▶ _WHAT TO DO_
Below are records to give again exactly; omit each image they contain.

▶ _MATERIAL TO PROCESS_
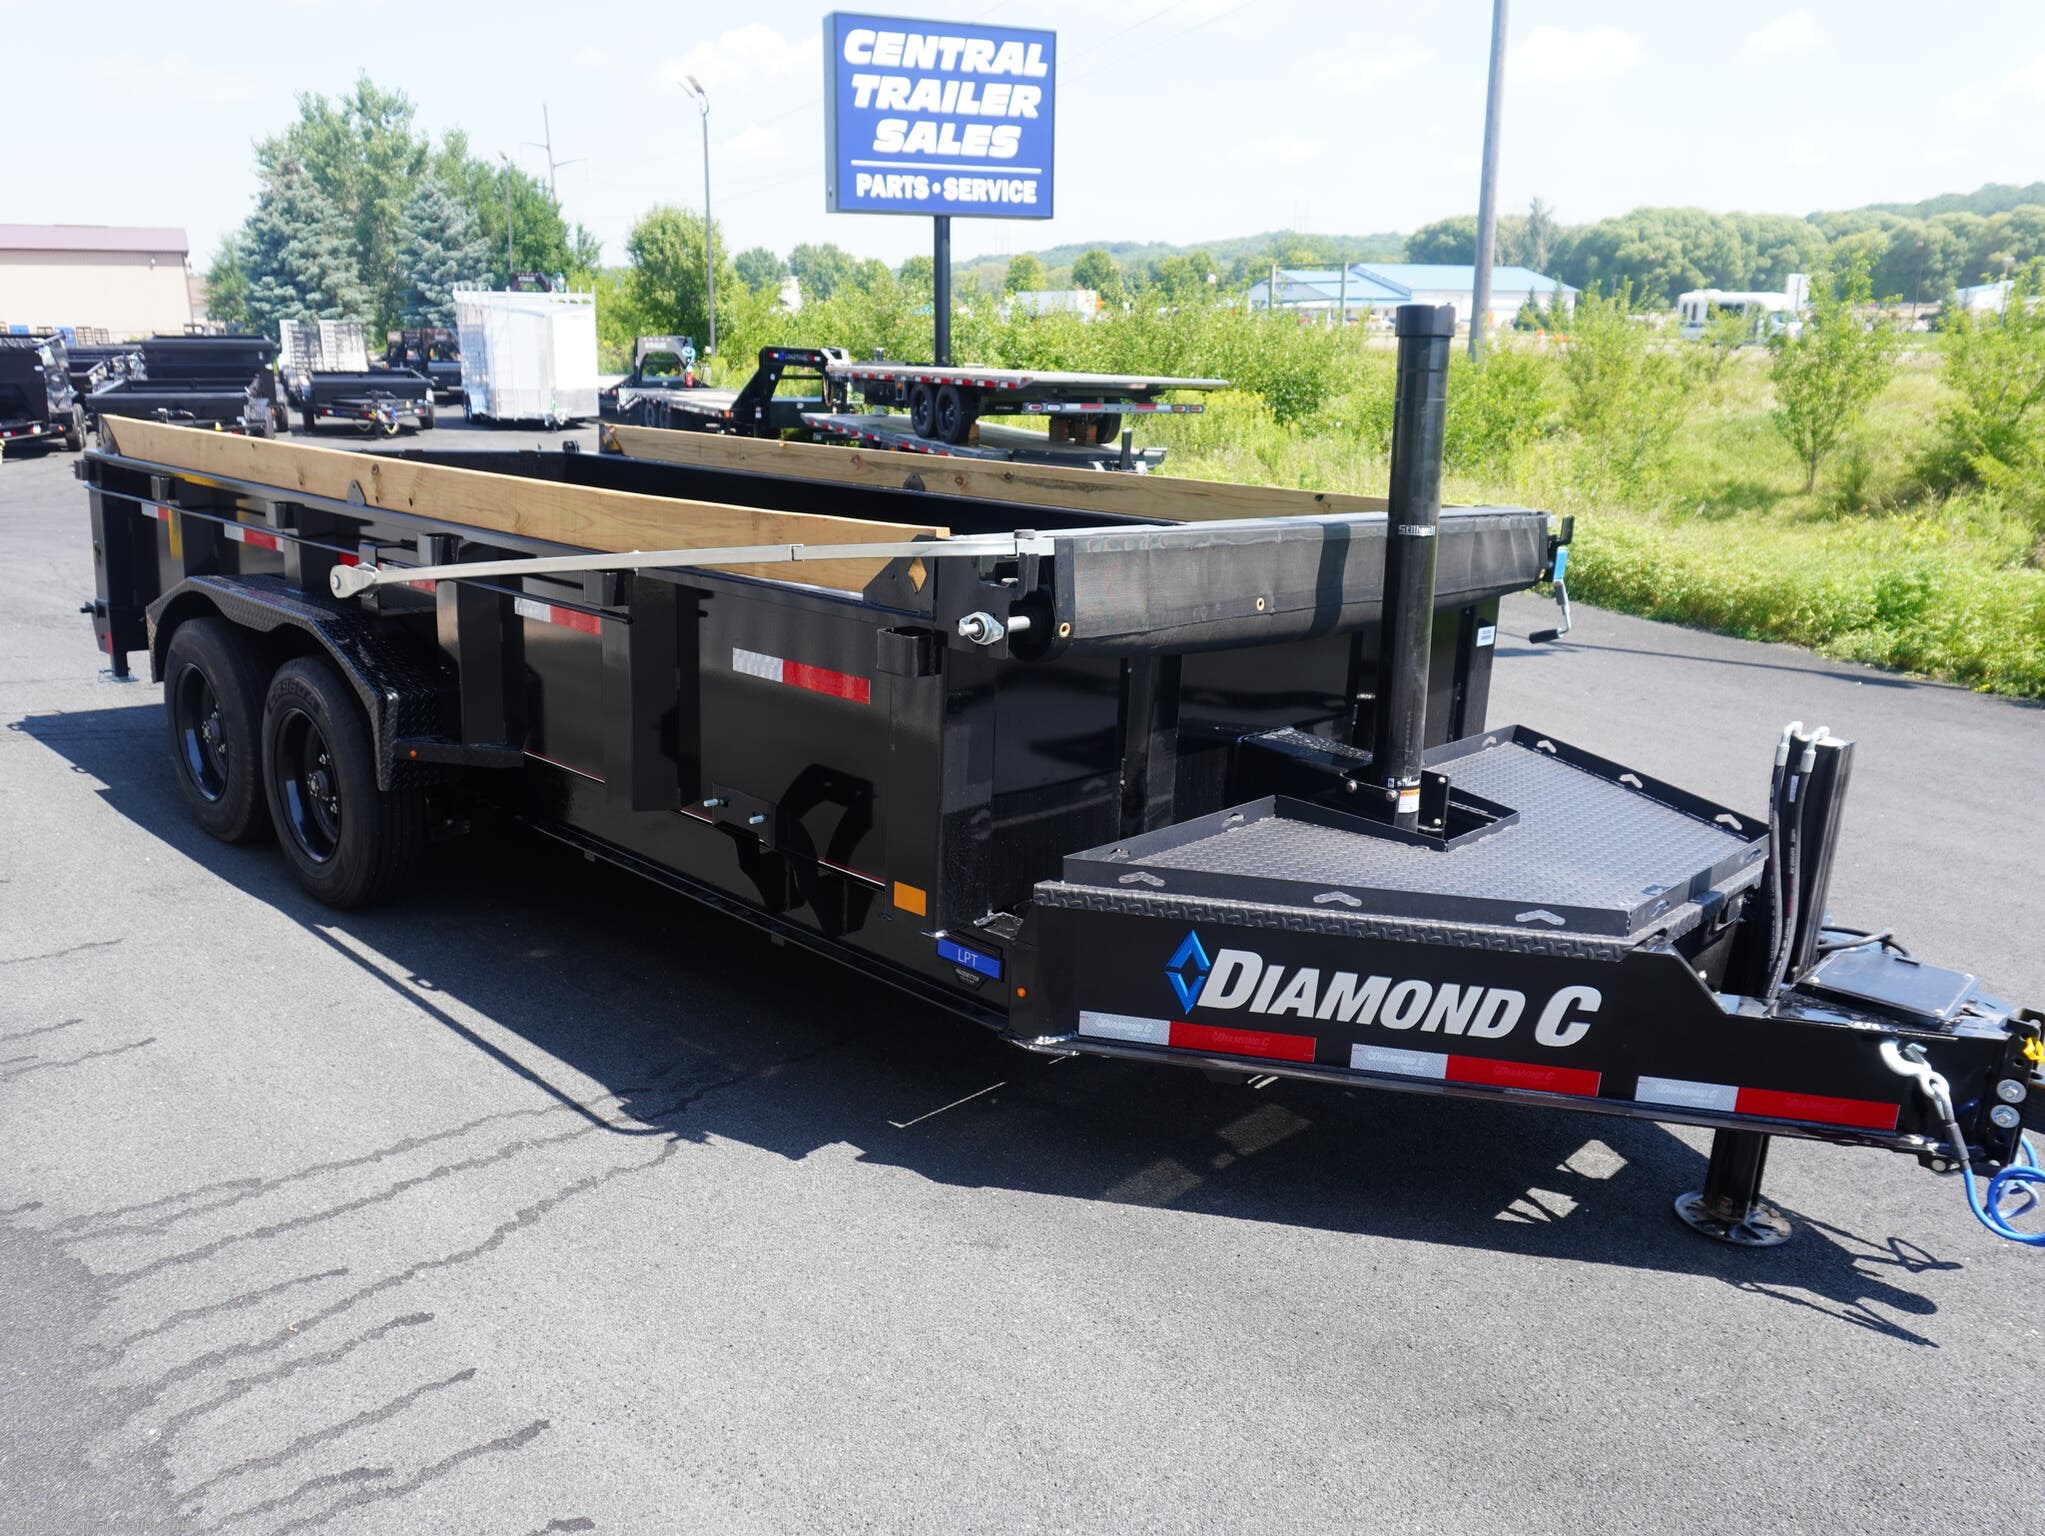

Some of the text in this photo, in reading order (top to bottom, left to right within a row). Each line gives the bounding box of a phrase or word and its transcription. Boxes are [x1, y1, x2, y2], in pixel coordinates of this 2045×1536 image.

[843, 28, 1048, 78] CENTRAL
[851, 74, 1042, 119] TRAILER
[872, 118, 1022, 159] SALES
[856, 173, 1038, 204] PARTS SERVICE
[957, 948, 978, 968] LPT
[1197, 948, 1602, 1048] DIAMOND C
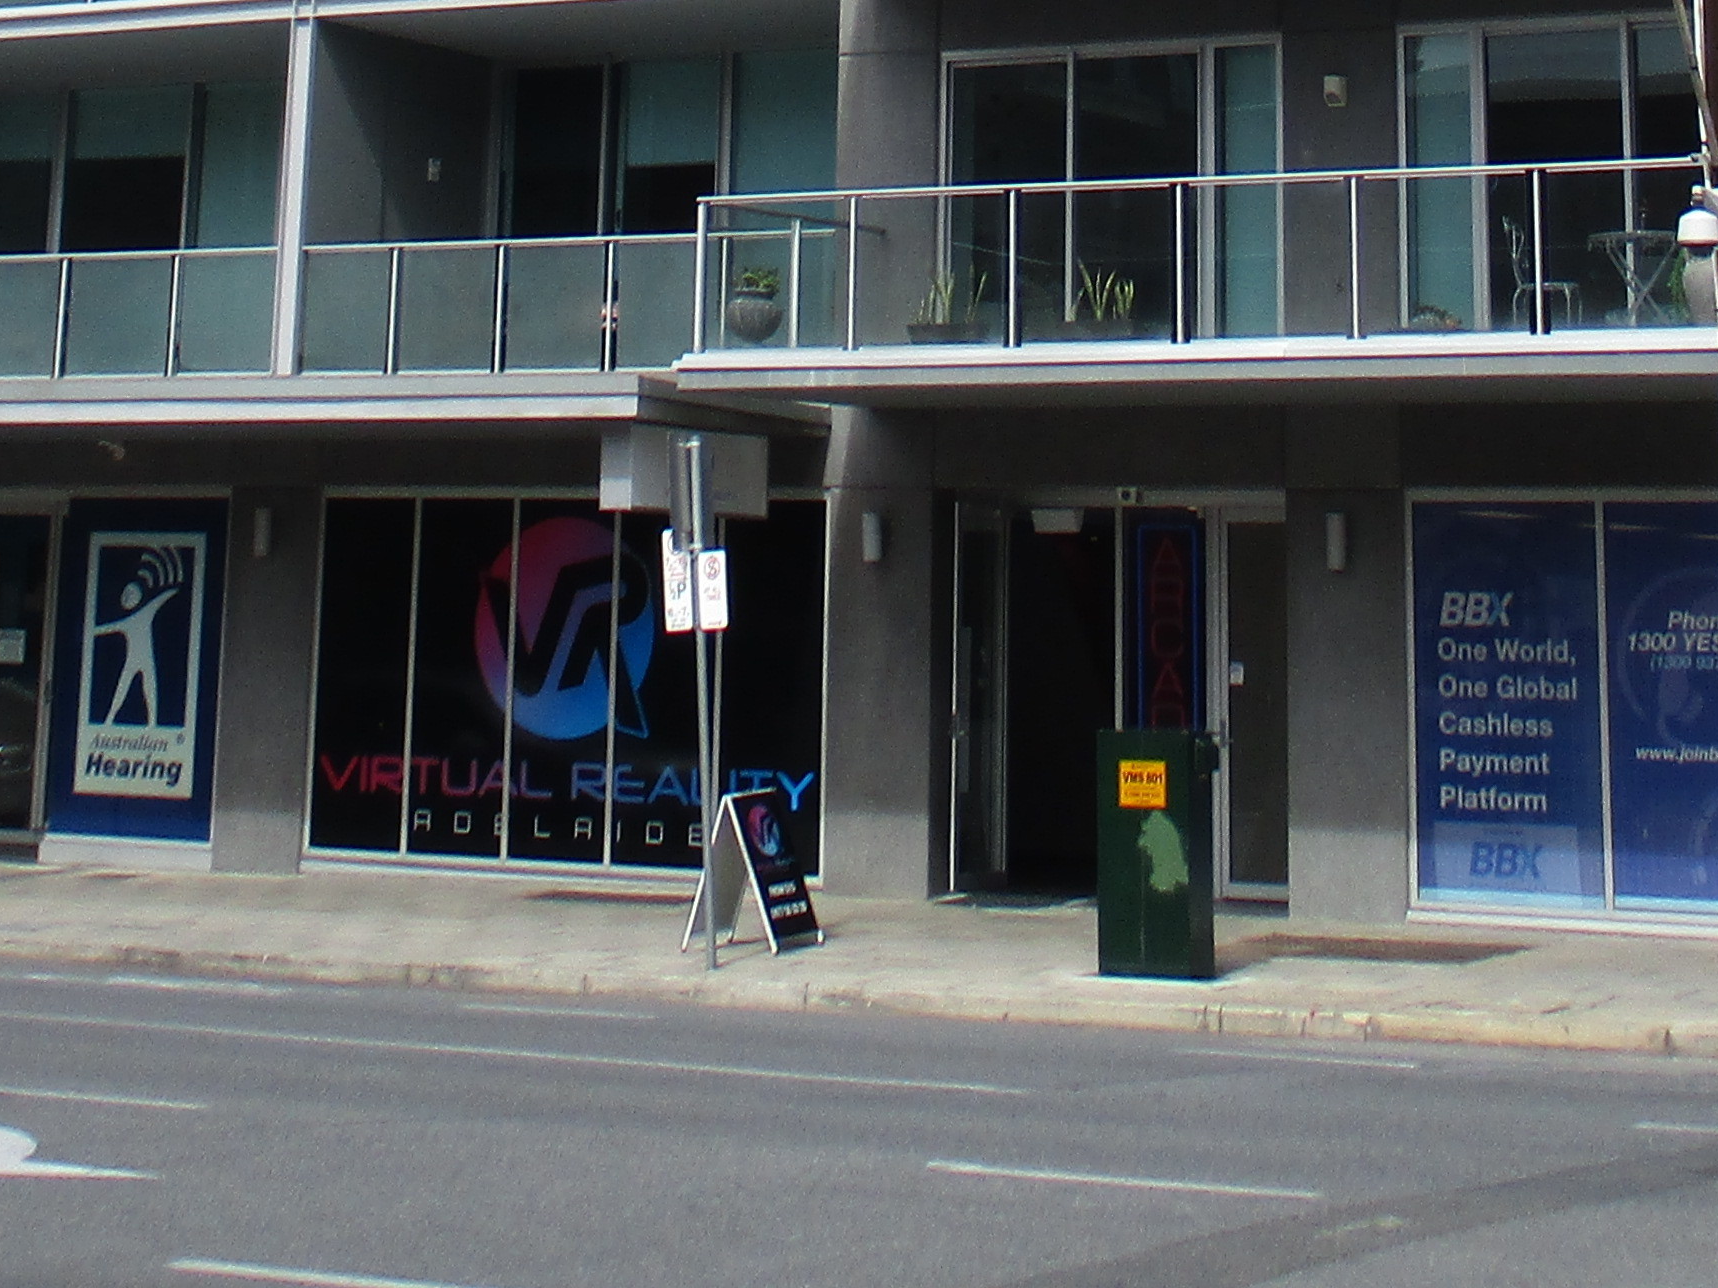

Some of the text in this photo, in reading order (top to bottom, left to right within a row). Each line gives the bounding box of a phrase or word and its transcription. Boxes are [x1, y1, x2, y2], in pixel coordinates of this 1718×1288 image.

[1439, 591, 1514, 627] BBX
[1437, 636, 1576, 667] One World,
[1628, 631, 1676, 653] 1300
[1438, 674, 1578, 701] One Global
[1438, 711, 1554, 737] Cashless
[89, 733, 169, 753] Australian
[85, 752, 183, 787] Hearing
[1438, 746, 1551, 777] Payment
[320, 754, 815, 811] VIRTUAL REALITY
[1439, 784, 1548, 812] Platform
[413, 808, 705, 848] ADELAIDE
[1468, 840, 1543, 878] BBX
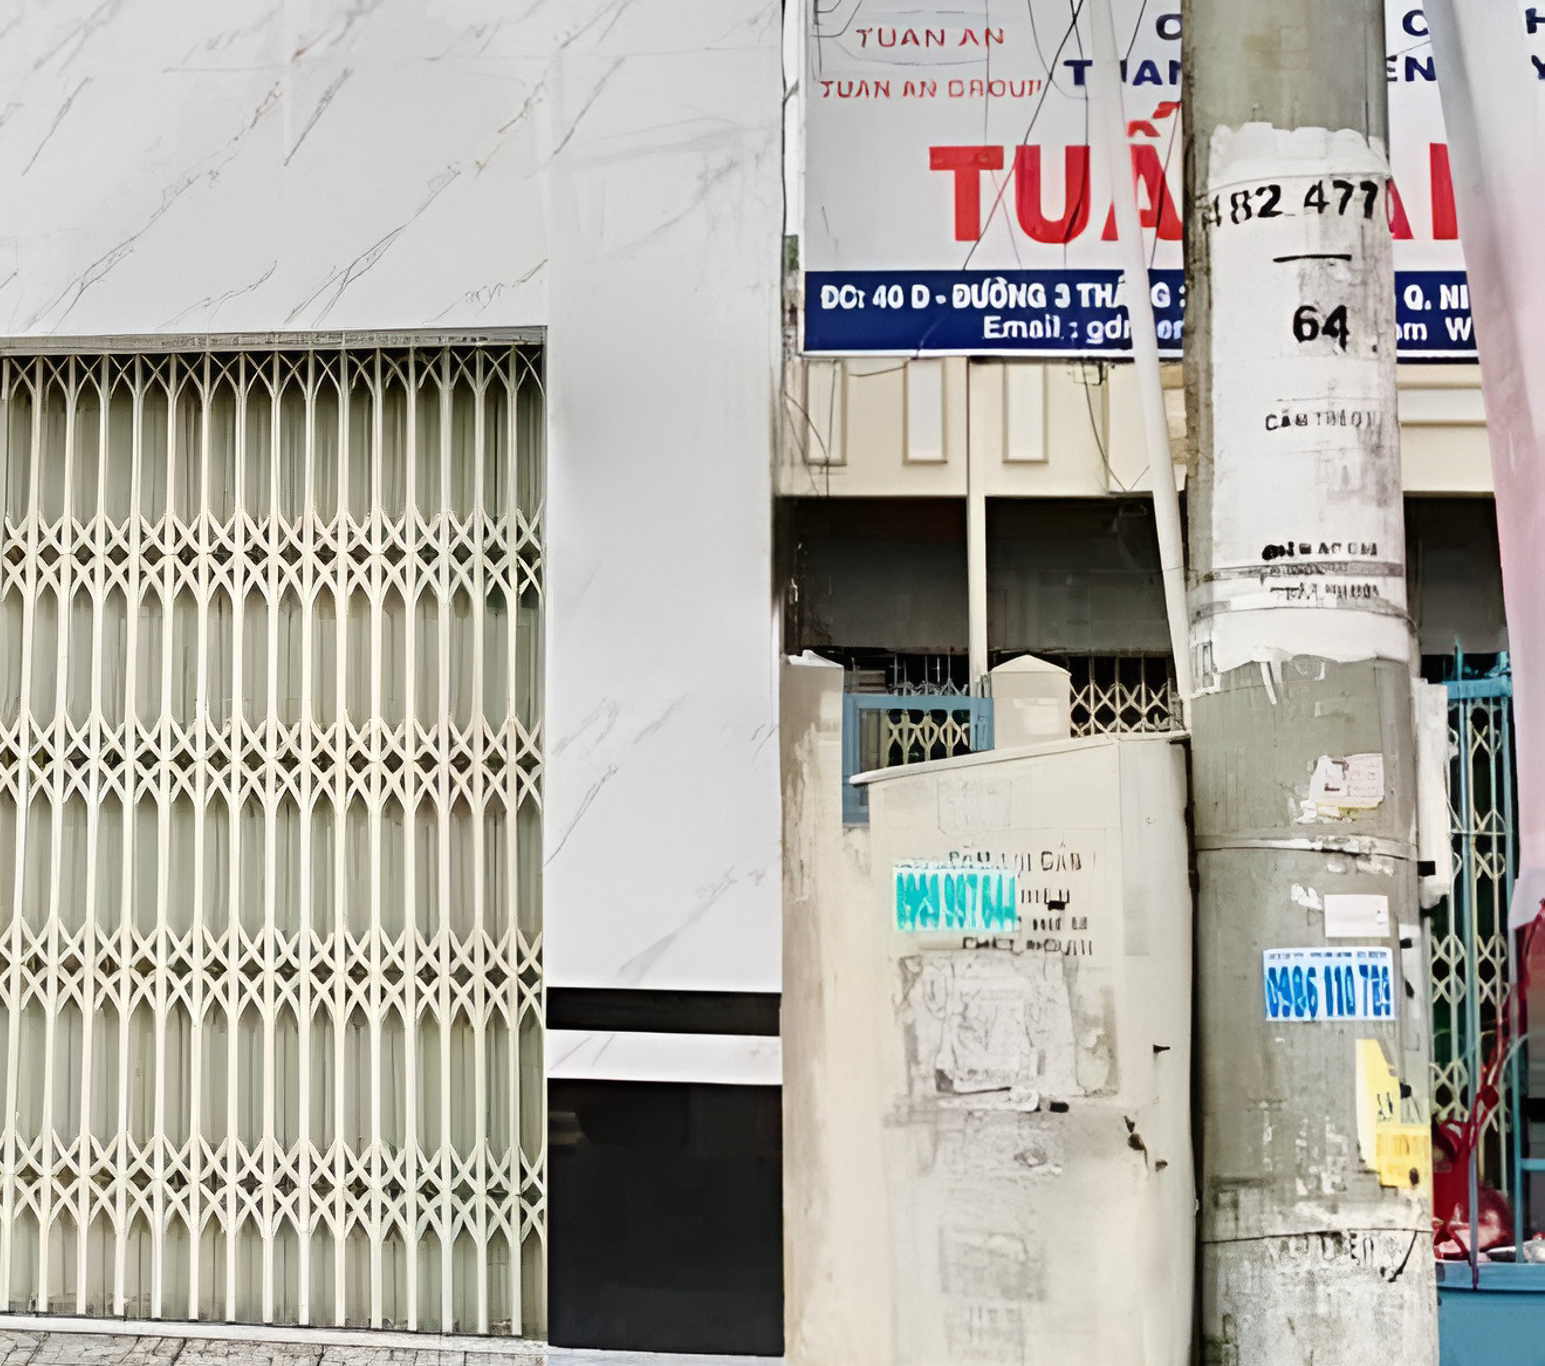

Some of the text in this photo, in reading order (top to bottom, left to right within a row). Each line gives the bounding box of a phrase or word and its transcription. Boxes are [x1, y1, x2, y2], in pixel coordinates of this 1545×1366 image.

[856, 27, 1004, 48] TUAN AN
[1303, 180, 1379, 219] 477
[872, 284, 905, 309] 40
[1292, 304, 1351, 349] 64

▶ _EXERCISE SOLUTION_
Some of the text in this photo, in reading order (top to bottom, left to right within a row). Each line gives the bounding box of a phrase or word and its transcription. Boxes are [x1, y1, x2, y2], in pixel coordinates of this 2045×1536 image.

[843, 28, 1048, 78] CENTRAL
[851, 74, 1042, 119] TRAILER
[872, 118, 1022, 159] SALES
[856, 173, 1038, 204] PARTS SERVICE
[957, 948, 978, 968] LPT
[1197, 948, 1602, 1048] DIAMOND C

Some of the text in this photo, in reading order (top to bottom, left to right within a row). Each line gives the bounding box of a phrase or word and its transcription. Boxes are [x1, y1, x2, y2], in pixel coordinates of this 1718×1288 image.

[1439, 591, 1514, 627] BBX
[1437, 636, 1576, 667] One World,
[1628, 631, 1676, 653] 1300
[1438, 674, 1578, 701] One Global
[1438, 711, 1554, 737] Cashless
[89, 733, 169, 753] Australian
[85, 752, 183, 787] Hearing
[1438, 746, 1551, 777] Payment
[320, 754, 815, 811] VIRTUAL REALITY
[1439, 784, 1548, 812] Platform
[413, 808, 705, 848] ADELAIDE
[1468, 840, 1543, 878] BBX

Some of the text in this photo, in reading order (top to bottom, left to right within a row). Each line gives the bounding box of a phrase or word and its transcription. Boxes are [x1, y1, x2, y2], in pixel coordinates of this 1545×1366 image.

[856, 27, 1004, 48] TUAN AN
[1303, 180, 1379, 219] 477
[872, 284, 905, 309] 40
[1292, 304, 1351, 349] 64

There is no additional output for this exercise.